• [Stored data]:
· · · · · · ·
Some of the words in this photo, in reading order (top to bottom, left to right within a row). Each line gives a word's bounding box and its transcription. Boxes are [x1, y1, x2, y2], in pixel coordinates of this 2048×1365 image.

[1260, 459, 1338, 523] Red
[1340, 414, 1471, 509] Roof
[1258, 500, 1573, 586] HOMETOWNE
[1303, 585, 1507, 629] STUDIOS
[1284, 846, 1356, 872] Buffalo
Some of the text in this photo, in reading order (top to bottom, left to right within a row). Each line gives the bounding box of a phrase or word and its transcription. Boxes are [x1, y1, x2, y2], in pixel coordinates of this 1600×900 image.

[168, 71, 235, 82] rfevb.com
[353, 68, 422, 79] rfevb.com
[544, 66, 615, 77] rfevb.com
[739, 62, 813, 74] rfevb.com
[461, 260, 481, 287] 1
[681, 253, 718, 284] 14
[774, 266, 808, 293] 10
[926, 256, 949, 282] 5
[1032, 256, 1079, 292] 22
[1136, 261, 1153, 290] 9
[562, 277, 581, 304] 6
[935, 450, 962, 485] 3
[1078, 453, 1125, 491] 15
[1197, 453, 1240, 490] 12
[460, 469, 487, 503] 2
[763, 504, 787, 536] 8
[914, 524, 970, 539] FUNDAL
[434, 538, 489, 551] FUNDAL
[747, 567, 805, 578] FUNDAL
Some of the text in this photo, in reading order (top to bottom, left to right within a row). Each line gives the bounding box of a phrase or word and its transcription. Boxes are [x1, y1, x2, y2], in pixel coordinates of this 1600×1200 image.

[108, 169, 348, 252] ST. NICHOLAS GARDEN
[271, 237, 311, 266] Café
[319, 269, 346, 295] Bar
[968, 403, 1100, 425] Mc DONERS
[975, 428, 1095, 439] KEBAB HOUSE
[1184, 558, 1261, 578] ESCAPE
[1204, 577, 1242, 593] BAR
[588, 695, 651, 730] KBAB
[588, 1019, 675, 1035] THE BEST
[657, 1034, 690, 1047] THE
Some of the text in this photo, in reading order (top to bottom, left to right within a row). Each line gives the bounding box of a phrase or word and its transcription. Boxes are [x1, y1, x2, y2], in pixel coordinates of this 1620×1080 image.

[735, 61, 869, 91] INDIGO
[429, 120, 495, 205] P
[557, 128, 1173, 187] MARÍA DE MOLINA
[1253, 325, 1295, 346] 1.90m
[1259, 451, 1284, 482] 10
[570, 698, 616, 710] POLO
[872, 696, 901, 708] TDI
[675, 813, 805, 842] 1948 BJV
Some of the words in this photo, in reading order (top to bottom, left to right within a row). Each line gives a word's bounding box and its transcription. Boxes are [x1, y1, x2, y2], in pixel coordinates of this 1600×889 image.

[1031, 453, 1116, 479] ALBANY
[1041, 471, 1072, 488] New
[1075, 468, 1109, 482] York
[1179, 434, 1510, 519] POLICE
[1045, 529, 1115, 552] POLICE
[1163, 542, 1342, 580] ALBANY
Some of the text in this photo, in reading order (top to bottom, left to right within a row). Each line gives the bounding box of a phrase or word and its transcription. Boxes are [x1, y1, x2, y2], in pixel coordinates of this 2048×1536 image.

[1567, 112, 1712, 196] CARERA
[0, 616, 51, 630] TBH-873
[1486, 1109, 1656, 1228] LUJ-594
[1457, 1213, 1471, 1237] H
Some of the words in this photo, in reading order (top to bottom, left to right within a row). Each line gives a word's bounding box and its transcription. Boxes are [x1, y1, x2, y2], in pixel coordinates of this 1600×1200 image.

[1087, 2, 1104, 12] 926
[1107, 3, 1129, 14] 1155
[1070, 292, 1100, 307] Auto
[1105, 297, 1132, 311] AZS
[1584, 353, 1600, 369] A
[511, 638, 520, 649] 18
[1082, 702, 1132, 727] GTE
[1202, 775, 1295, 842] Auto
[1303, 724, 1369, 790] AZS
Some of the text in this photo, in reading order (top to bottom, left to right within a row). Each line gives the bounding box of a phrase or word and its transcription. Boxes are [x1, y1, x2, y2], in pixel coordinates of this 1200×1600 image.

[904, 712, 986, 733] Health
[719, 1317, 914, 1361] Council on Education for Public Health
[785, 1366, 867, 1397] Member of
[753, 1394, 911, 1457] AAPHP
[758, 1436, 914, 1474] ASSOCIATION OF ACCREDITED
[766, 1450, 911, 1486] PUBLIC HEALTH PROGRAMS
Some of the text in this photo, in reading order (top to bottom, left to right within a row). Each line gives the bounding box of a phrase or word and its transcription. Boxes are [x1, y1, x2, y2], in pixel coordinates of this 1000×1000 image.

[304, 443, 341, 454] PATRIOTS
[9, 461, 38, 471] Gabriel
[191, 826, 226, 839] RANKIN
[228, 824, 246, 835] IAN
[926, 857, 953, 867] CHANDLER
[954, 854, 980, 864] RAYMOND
· · · · · · ·
• [Exercise]: Reproduce all of the data exactly as given.

• [Output of the exercise]:
Some of the words in this photo, in reading order (top to bottom, left to right within a row). Each line gives a word's bounding box and its transcription. Boxes are [x1, y1, x2, y2], in pixel coordinates of this 2048×1365 image.

[1260, 459, 1338, 523] Red
[1340, 414, 1471, 509] Roof
[1258, 500, 1573, 586] HOMETOWNE
[1303, 585, 1507, 629] STUDIOS
[1284, 846, 1356, 872] Buffalo
Some of the text in this photo, in reading order (top to bottom, left to right within a row). Each line gives the bounding box of a phrase or word and its transcription. Boxes are [x1, y1, x2, y2], in pixel coordinates of this 1600×900 image.

[168, 71, 235, 82] rfevb.com
[353, 68, 422, 79] rfevb.com
[544, 66, 615, 77] rfevb.com
[739, 62, 813, 74] rfevb.com
[461, 260, 481, 287] 1
[681, 253, 718, 284] 14
[774, 266, 808, 293] 10
[926, 256, 949, 282] 5
[1032, 256, 1079, 292] 22
[1136, 261, 1153, 290] 9
[562, 277, 581, 304] 6
[935, 450, 962, 485] 3
[1078, 453, 1125, 491] 15
[1197, 453, 1240, 490] 12
[460, 469, 487, 503] 2
[763, 504, 787, 536] 8
[914, 524, 970, 539] FUNDAL
[434, 538, 489, 551] FUNDAL
[747, 567, 805, 578] FUNDAL
Some of the text in this photo, in reading order (top to bottom, left to right within a row). Each line gives the bounding box of a phrase or word and its transcription. Boxes are [x1, y1, x2, y2], in pixel coordinates of this 1600×1200 image.

[108, 169, 348, 252] ST. NICHOLAS GARDEN
[271, 237, 311, 266] Café
[319, 269, 346, 295] Bar
[968, 403, 1100, 425] Mc DONERS
[975, 428, 1095, 439] KEBAB HOUSE
[1184, 558, 1261, 578] ESCAPE
[1204, 577, 1242, 593] BAR
[588, 695, 651, 730] KBAB
[588, 1019, 675, 1035] THE BEST
[657, 1034, 690, 1047] THE
Some of the text in this photo, in reading order (top to bottom, left to right within a row). Each line gives the bounding box of a phrase or word and its transcription. Boxes are [x1, y1, x2, y2], in pixel coordinates of this 1620×1080 image.

[735, 61, 869, 91] INDIGO
[429, 120, 495, 205] P
[557, 128, 1173, 187] MARÍA DE MOLINA
[1253, 325, 1295, 346] 1.90m
[1259, 451, 1284, 482] 10
[570, 698, 616, 710] POLO
[872, 696, 901, 708] TDI
[675, 813, 805, 842] 1948 BJV
Some of the words in this photo, in reading order (top to bottom, left to right within a row). Each line gives a word's bounding box and its transcription. Boxes are [x1, y1, x2, y2], in pixel coordinates of this 1600×889 image.

[1031, 453, 1116, 479] ALBANY
[1041, 471, 1072, 488] New
[1075, 468, 1109, 482] York
[1179, 434, 1510, 519] POLICE
[1045, 529, 1115, 552] POLICE
[1163, 542, 1342, 580] ALBANY
Some of the text in this photo, in reading order (top to bottom, left to right within a row). Each line gives the bounding box of a phrase or word and its transcription. Boxes are [x1, y1, x2, y2], in pixel coordinates of this 2048×1536 image.

[1567, 112, 1712, 196] CARERA
[0, 616, 51, 630] TBH-873
[1486, 1109, 1656, 1228] LUJ-594
[1457, 1213, 1471, 1237] H
Some of the words in this photo, in reading order (top to bottom, left to right within a row). Each line gives a word's bounding box and its transcription. Boxes are [x1, y1, x2, y2], in pixel coordinates of this 1600×1200 image.

[1087, 2, 1104, 12] 926
[1107, 3, 1129, 14] 1155
[1070, 292, 1100, 307] Auto
[1105, 297, 1132, 311] AZS
[1584, 353, 1600, 369] A
[511, 638, 520, 649] 18
[1082, 702, 1132, 727] GTE
[1202, 775, 1295, 842] Auto
[1303, 724, 1369, 790] AZS
Some of the text in this photo, in reading order (top to bottom, left to right within a row). Each line gives the bounding box of a phrase or word and its transcription. Boxes are [x1, y1, x2, y2], in pixel coordinates of this 1200×1600 image.

[904, 712, 986, 733] Health
[719, 1317, 914, 1361] Council on Education for Public Health
[785, 1366, 867, 1397] Member of
[753, 1394, 911, 1457] AAPHP
[758, 1436, 914, 1474] ASSOCIATION OF ACCREDITED
[766, 1450, 911, 1486] PUBLIC HEALTH PROGRAMS
Some of the text in this photo, in reading order (top to bottom, left to right within a row). Each line gives the bounding box of a phrase or word and its transcription. Boxes are [x1, y1, x2, y2], in pixel coordinates of this 1000×1000 image.

[304, 443, 341, 454] PATRIOTS
[9, 461, 38, 471] Gabriel
[191, 826, 226, 839] RANKIN
[228, 824, 246, 835] IAN
[926, 857, 953, 867] CHANDLER
[954, 854, 980, 864] RAYMOND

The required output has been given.